▶ Task brief:
Below is a set of records. Please retype every one exactly.

▶ Given entries:
+--
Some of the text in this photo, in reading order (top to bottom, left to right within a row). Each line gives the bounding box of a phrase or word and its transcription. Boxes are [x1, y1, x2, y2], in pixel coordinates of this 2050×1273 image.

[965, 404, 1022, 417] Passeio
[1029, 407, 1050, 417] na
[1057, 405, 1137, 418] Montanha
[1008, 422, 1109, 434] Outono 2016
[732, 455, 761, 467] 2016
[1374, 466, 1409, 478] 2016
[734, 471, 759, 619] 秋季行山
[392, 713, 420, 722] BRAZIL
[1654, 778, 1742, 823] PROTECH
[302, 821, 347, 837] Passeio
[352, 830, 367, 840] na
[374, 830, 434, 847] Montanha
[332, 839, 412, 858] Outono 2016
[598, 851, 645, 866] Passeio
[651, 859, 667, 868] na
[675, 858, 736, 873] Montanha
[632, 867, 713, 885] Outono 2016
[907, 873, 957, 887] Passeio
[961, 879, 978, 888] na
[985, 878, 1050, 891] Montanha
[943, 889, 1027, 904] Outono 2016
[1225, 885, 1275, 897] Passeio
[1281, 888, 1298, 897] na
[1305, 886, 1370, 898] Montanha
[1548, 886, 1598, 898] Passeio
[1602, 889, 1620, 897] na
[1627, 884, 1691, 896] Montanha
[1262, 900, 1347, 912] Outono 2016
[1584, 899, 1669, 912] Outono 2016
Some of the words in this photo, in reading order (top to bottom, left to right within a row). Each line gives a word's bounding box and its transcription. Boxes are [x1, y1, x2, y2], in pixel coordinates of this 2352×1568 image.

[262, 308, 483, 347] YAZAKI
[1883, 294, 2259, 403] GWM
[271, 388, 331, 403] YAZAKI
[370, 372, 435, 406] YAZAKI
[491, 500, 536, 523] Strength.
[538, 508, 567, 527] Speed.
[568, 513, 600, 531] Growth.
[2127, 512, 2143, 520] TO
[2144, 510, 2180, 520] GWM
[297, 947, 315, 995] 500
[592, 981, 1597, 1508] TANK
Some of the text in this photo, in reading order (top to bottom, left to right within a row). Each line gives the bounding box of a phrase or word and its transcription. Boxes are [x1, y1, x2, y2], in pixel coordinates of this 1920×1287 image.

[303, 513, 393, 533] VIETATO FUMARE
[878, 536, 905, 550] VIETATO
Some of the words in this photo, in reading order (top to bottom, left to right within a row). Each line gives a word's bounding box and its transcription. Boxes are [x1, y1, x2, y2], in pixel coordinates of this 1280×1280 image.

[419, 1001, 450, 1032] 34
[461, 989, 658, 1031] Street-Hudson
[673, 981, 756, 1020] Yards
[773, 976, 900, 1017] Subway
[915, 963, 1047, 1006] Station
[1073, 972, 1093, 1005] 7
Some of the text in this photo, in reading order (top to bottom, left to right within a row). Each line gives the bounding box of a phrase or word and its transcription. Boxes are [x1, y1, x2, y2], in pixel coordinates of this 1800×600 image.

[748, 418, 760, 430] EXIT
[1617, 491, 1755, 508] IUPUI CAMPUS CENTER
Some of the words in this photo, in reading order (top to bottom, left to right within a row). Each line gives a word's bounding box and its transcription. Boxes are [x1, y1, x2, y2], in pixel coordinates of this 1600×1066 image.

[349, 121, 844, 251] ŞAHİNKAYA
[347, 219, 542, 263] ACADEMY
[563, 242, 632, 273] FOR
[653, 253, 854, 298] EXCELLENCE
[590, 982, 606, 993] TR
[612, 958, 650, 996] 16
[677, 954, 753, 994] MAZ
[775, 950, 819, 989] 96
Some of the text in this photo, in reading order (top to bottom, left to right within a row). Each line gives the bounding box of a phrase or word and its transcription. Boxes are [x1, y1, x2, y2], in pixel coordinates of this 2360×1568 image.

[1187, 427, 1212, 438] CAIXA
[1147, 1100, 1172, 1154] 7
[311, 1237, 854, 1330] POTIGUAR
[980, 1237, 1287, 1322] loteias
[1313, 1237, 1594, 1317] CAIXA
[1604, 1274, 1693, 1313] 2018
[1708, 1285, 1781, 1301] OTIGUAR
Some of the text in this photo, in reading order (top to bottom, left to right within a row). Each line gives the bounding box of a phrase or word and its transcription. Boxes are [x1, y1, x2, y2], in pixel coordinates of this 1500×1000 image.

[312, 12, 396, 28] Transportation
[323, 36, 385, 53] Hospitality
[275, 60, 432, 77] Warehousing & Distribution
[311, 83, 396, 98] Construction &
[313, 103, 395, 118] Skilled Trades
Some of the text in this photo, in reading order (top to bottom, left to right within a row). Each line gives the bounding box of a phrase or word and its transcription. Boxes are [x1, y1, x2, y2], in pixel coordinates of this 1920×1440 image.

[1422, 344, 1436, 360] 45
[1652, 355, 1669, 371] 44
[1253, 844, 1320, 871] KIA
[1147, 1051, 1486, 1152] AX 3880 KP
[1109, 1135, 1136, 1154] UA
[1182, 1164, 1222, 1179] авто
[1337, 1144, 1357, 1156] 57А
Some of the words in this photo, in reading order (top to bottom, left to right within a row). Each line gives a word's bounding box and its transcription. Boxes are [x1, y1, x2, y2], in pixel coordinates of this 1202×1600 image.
+--
▶ Reply to the exercise:
Some of the text in this photo, in reading order (top to bottom, left to right within a row). Each line gives the bounding box of a phrase or word and its transcription. Boxes are [x1, y1, x2, y2], in pixel coordinates of this 2050×1273 image.

[965, 404, 1022, 417] Passeio
[1029, 407, 1050, 417] na
[1057, 405, 1137, 418] Montanha
[1008, 422, 1109, 434] Outono 2016
[732, 455, 761, 467] 2016
[1374, 466, 1409, 478] 2016
[734, 471, 759, 619] 秋季行山
[392, 713, 420, 722] BRAZIL
[1654, 778, 1742, 823] PROTECH
[302, 821, 347, 837] Passeio
[352, 830, 367, 840] na
[374, 830, 434, 847] Montanha
[332, 839, 412, 858] Outono 2016
[598, 851, 645, 866] Passeio
[651, 859, 667, 868] na
[675, 858, 736, 873] Montanha
[632, 867, 713, 885] Outono 2016
[907, 873, 957, 887] Passeio
[961, 879, 978, 888] na
[985, 878, 1050, 891] Montanha
[943, 889, 1027, 904] Outono 2016
[1225, 885, 1275, 897] Passeio
[1281, 888, 1298, 897] na
[1305, 886, 1370, 898] Montanha
[1548, 886, 1598, 898] Passeio
[1602, 889, 1620, 897] na
[1627, 884, 1691, 896] Montanha
[1262, 900, 1347, 912] Outono 2016
[1584, 899, 1669, 912] Outono 2016
Some of the words in this photo, in reading order (top to bottom, left to right within a row). Each line gives a word's bounding box and its transcription. Boxes are [x1, y1, x2, y2], in pixel coordinates of this 2352×1568 image.

[262, 308, 483, 347] YAZAKI
[1883, 294, 2259, 403] GWM
[271, 388, 331, 403] YAZAKI
[370, 372, 435, 406] YAZAKI
[491, 500, 536, 523] Strength.
[538, 508, 567, 527] Speed.
[568, 513, 600, 531] Growth.
[2127, 512, 2143, 520] TO
[2144, 510, 2180, 520] GWM
[297, 947, 315, 995] 500
[592, 981, 1597, 1508] TANK
Some of the text in this photo, in reading order (top to bottom, left to right within a row). Each line gives the bounding box of a phrase or word and its transcription. Boxes are [x1, y1, x2, y2], in pixel coordinates of this 1920×1287 image.

[303, 513, 393, 533] VIETATO FUMARE
[878, 536, 905, 550] VIETATO
Some of the words in this photo, in reading order (top to bottom, left to right within a row). Each line gives a word's bounding box and its transcription. Boxes are [x1, y1, x2, y2], in pixel coordinates of this 1280×1280 image.

[419, 1001, 450, 1032] 34
[461, 989, 658, 1031] Street-Hudson
[673, 981, 756, 1020] Yards
[773, 976, 900, 1017] Subway
[915, 963, 1047, 1006] Station
[1073, 972, 1093, 1005] 7
Some of the text in this photo, in reading order (top to bottom, left to right within a row). Each line gives the bounding box of a phrase or word and its transcription. Boxes are [x1, y1, x2, y2], in pixel coordinates of this 1800×600 image.

[748, 418, 760, 430] EXIT
[1617, 491, 1755, 508] IUPUI CAMPUS CENTER
Some of the words in this photo, in reading order (top to bottom, left to right within a row). Each line gives a word's bounding box and its transcription. Boxes are [x1, y1, x2, y2], in pixel coordinates of this 1600×1066 image.

[349, 121, 844, 251] ŞAHİNKAYA
[347, 219, 542, 263] ACADEMY
[563, 242, 632, 273] FOR
[653, 253, 854, 298] EXCELLENCE
[590, 982, 606, 993] TR
[612, 958, 650, 996] 16
[677, 954, 753, 994] MAZ
[775, 950, 819, 989] 96
Some of the text in this photo, in reading order (top to bottom, left to right within a row). Each line gives the bounding box of a phrase or word and its transcription. Boxes are [x1, y1, x2, y2], in pixel coordinates of this 2360×1568 image.

[1187, 427, 1212, 438] CAIXA
[1147, 1100, 1172, 1154] 7
[311, 1237, 854, 1330] POTIGUAR
[980, 1237, 1287, 1322] loteias
[1313, 1237, 1594, 1317] CAIXA
[1604, 1274, 1693, 1313] 2018
[1708, 1285, 1781, 1301] OTIGUAR
Some of the text in this photo, in reading order (top to bottom, left to right within a row). Each line gives the bounding box of a phrase or word and its transcription. Boxes are [x1, y1, x2, y2], in pixel coordinates of this 1500×1000 image.

[312, 12, 396, 28] Transportation
[323, 36, 385, 53] Hospitality
[275, 60, 432, 77] Warehousing & Distribution
[311, 83, 396, 98] Construction &
[313, 103, 395, 118] Skilled Trades
Some of the text in this photo, in reading order (top to bottom, left to right within a row). Each line gives the bounding box of a phrase or word and its transcription. Boxes are [x1, y1, x2, y2], in pixel coordinates of this 1920×1440 image.

[1422, 344, 1436, 360] 45
[1652, 355, 1669, 371] 44
[1253, 844, 1320, 871] KIA
[1147, 1051, 1486, 1152] AX 3880 KP
[1109, 1135, 1136, 1154] UA
[1182, 1164, 1222, 1179] авто
[1337, 1144, 1357, 1156] 57А
Some of the words in this photo, in reading order (top to bottom, left to right within a row). Each line gives a word's bounding box and its transcription. Boxes are [x1, y1, x2, y2], in pixel coordinates of this 1202×1600 image.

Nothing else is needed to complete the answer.